[Dataset content Boundary: Start]
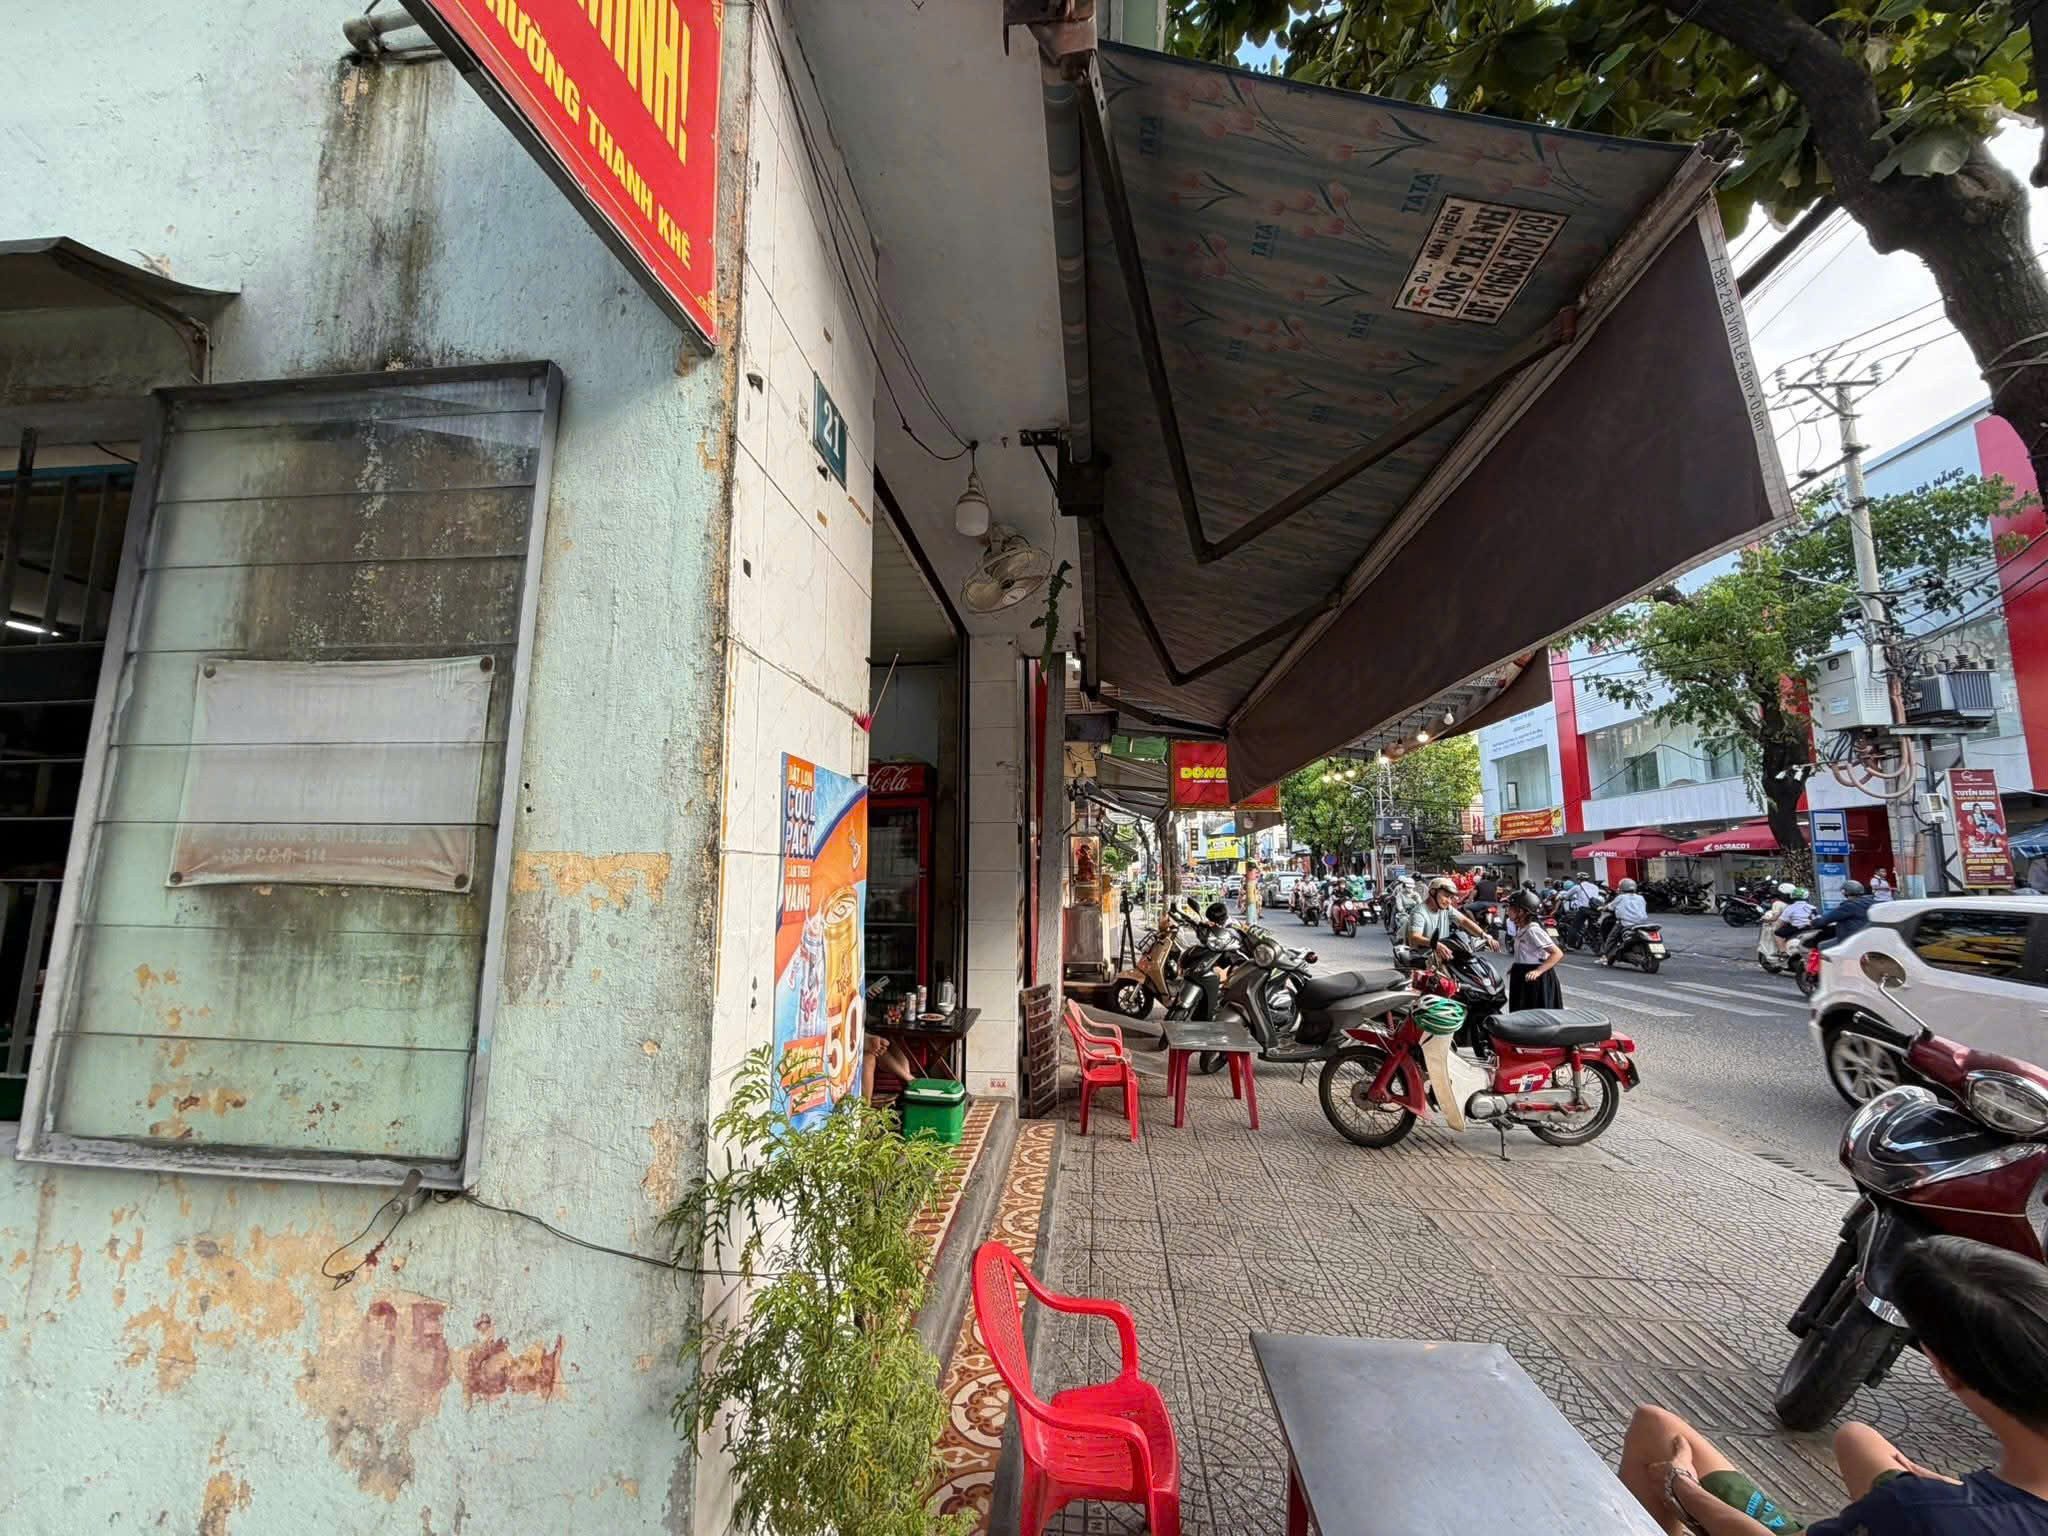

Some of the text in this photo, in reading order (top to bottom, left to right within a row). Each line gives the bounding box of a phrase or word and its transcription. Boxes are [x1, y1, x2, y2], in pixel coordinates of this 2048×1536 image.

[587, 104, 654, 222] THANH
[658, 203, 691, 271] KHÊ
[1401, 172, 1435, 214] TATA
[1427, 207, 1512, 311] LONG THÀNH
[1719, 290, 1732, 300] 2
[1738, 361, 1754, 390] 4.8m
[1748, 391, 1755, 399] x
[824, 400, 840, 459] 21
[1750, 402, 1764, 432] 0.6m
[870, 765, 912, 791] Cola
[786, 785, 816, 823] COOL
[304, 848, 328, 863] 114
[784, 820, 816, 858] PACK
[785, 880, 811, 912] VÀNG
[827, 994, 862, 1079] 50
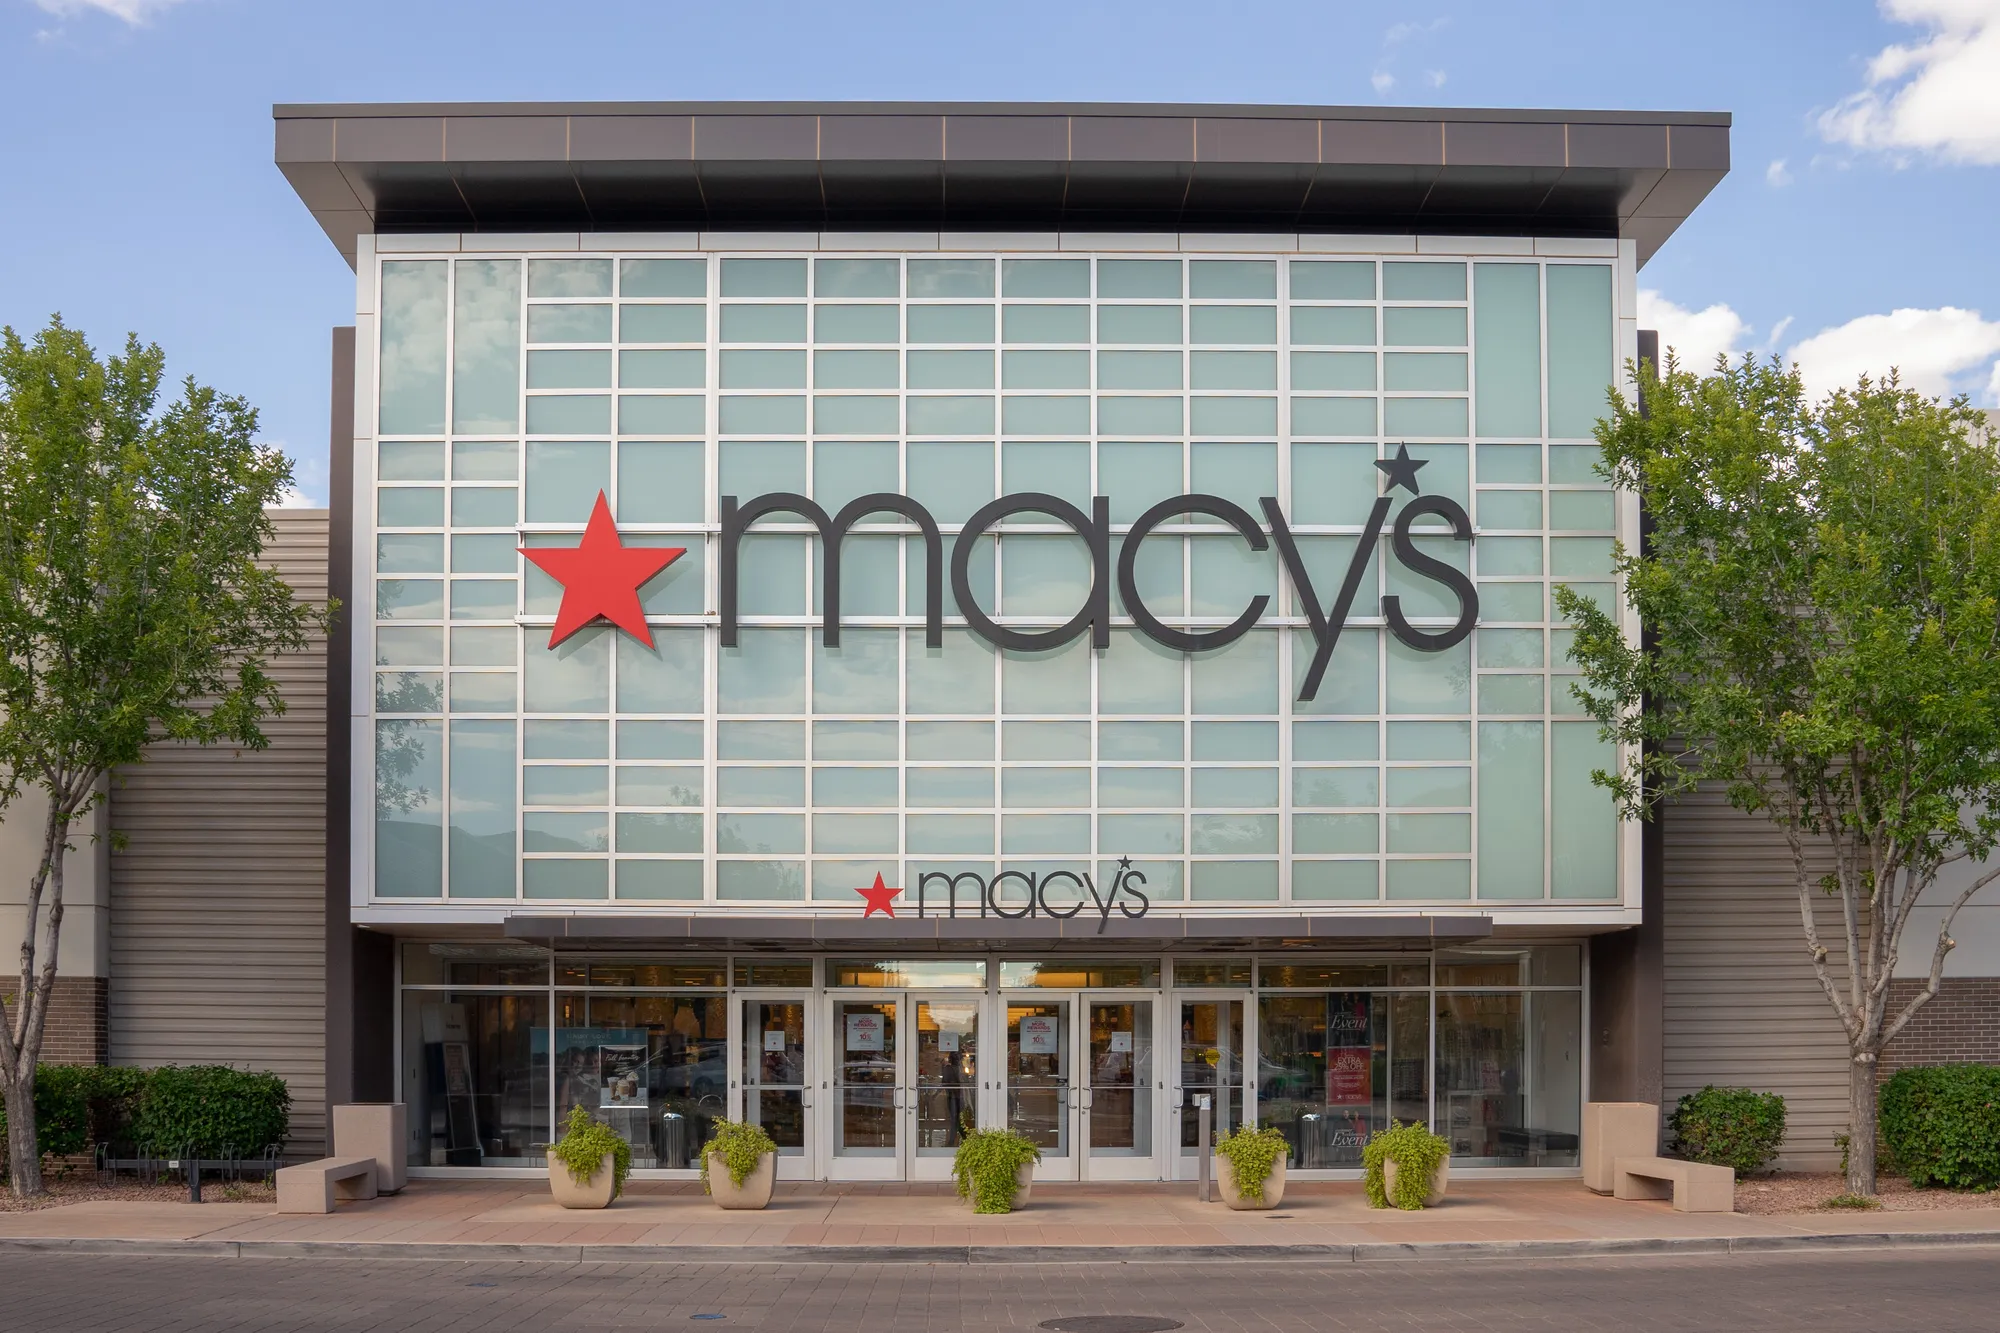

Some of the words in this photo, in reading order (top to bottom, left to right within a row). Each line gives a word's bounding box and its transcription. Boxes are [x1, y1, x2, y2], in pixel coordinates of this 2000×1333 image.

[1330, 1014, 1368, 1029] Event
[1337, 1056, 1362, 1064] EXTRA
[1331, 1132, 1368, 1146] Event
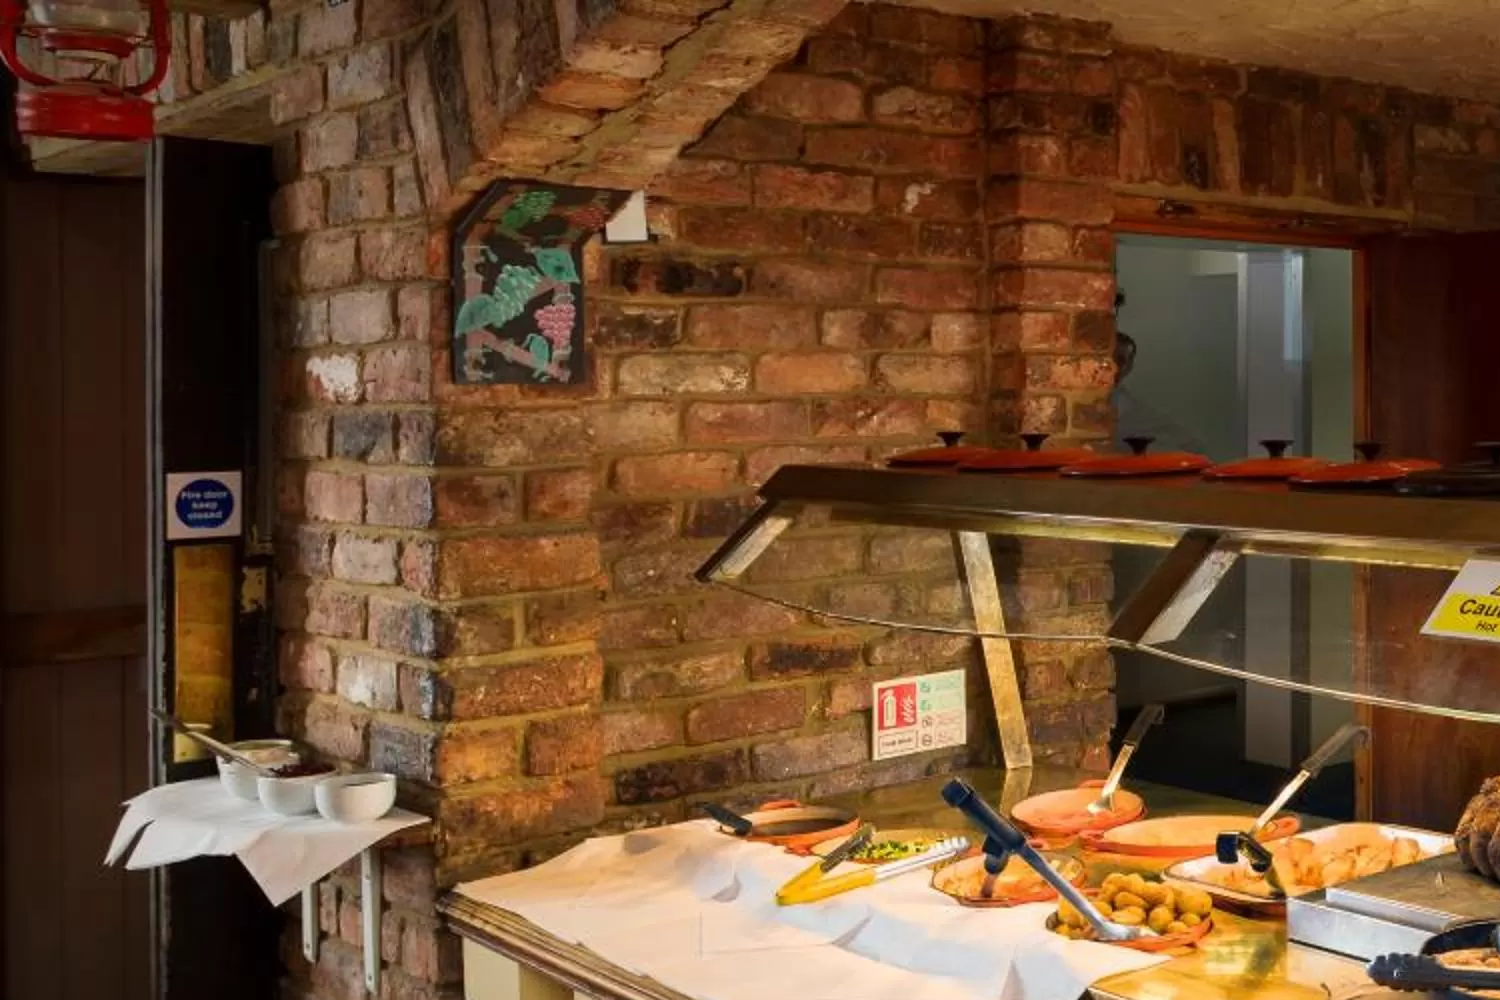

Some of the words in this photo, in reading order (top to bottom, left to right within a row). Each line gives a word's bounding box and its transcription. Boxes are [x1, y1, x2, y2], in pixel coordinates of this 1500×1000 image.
[Dataset content Boundary: End]
■ The problem:
With the pictures left out, write out exactly the lines from the line containing "this 2000×1333 image." through the last line of the entries above, both ends included, and no others.

■ Answer section:
Some of the words in this photo, in reading order (top to bottom, left to right within a row). Each line gives a word's bounding box and its transcription. Boxes are [x1, y1, x2, y2], in pixel coordinates of this 2000×1333 image.

[1330, 1014, 1368, 1029] Event
[1337, 1056, 1362, 1064] EXTRA
[1331, 1132, 1368, 1146] Event

Some of the words in this photo, in reading order (top to bottom, left to right within a row). Each line gives a word's bounding box and its transcription. Boxes are [x1, y1, x2, y2], in pixel coordinates of this 1500×1000 image.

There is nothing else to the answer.